Turns out, we were right to think that Lexus’ latest design language has a certain affinity to Origami, the Japanese art of paper folding.
Lexus is taking this affinity to the extremes with the Origami Car, a faithful replica of the new IS saloon made almost entirely out of cardboard, though, according to the carmaker, the idea behind it, was to celebrate “the human craftsmanship skills that go into every car” it makes.
The Japanese brand elaborates: “The skilled men and women – known as takumi – who work on the Lexus production lines hone their dexterity skills by learning how to fold paper into a origami model cat, using only their non-dominant hand. The Origami Car takes the spirit of this talent to a far higher level, while also embracing the spirit of Lexus’s Creating Amazing global brand campaign.”
Nevertheless, it wasn’t Lexus itself that executed the concept, but LaserCut Works and Scales and Models, two London-based specialist companies with experience in design and creation of prototypes, architectural models and bespoke commissions.
What they did was to create a virtual 3D model of the existing Lexus IS sedan, which was then digitally sliced up into a series of primary parts, such as the body, dashboard, seats and wheels. These parts were then laser cut on 1,700 sheets of two-dimensional, 10mm-thick cardboard that were layered together with a water-based glue that required 10 minutes to dry after each application. If you do the math, that’s 283.3 hours or nearly 12 days only between applications, so it’s no wonder that the project took three months to build.

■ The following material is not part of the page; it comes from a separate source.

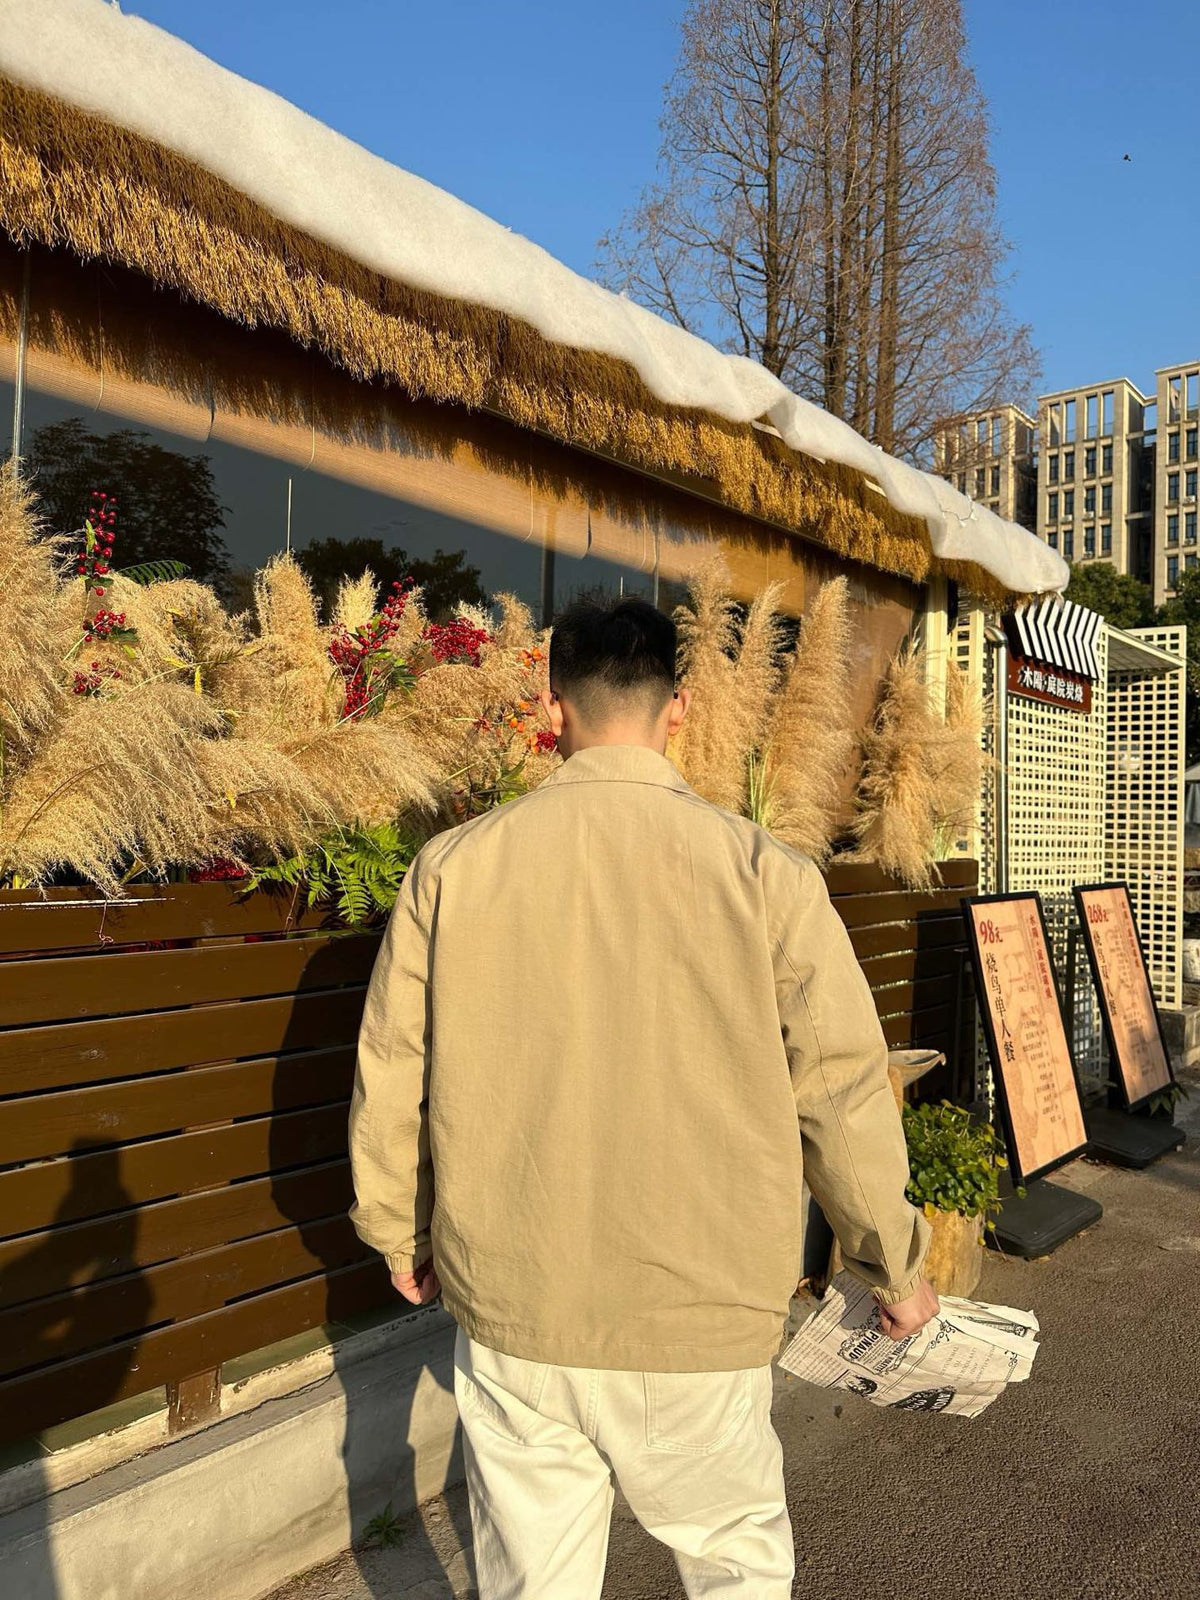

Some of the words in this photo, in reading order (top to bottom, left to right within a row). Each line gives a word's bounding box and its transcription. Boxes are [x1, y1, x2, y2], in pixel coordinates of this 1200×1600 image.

The designers placed the layered Origami cardboard car that comes with a fully fitted interior, functioning doors, headlights and rolling wheels, on a steel and aluminum frame, which features hidden wheels powered by an electric motor.
If you want to see the Lexus Origami Car up close, it will make its public debut at the Grand Designs Live Show at the NEC in Birmingham, on October 8, 2015.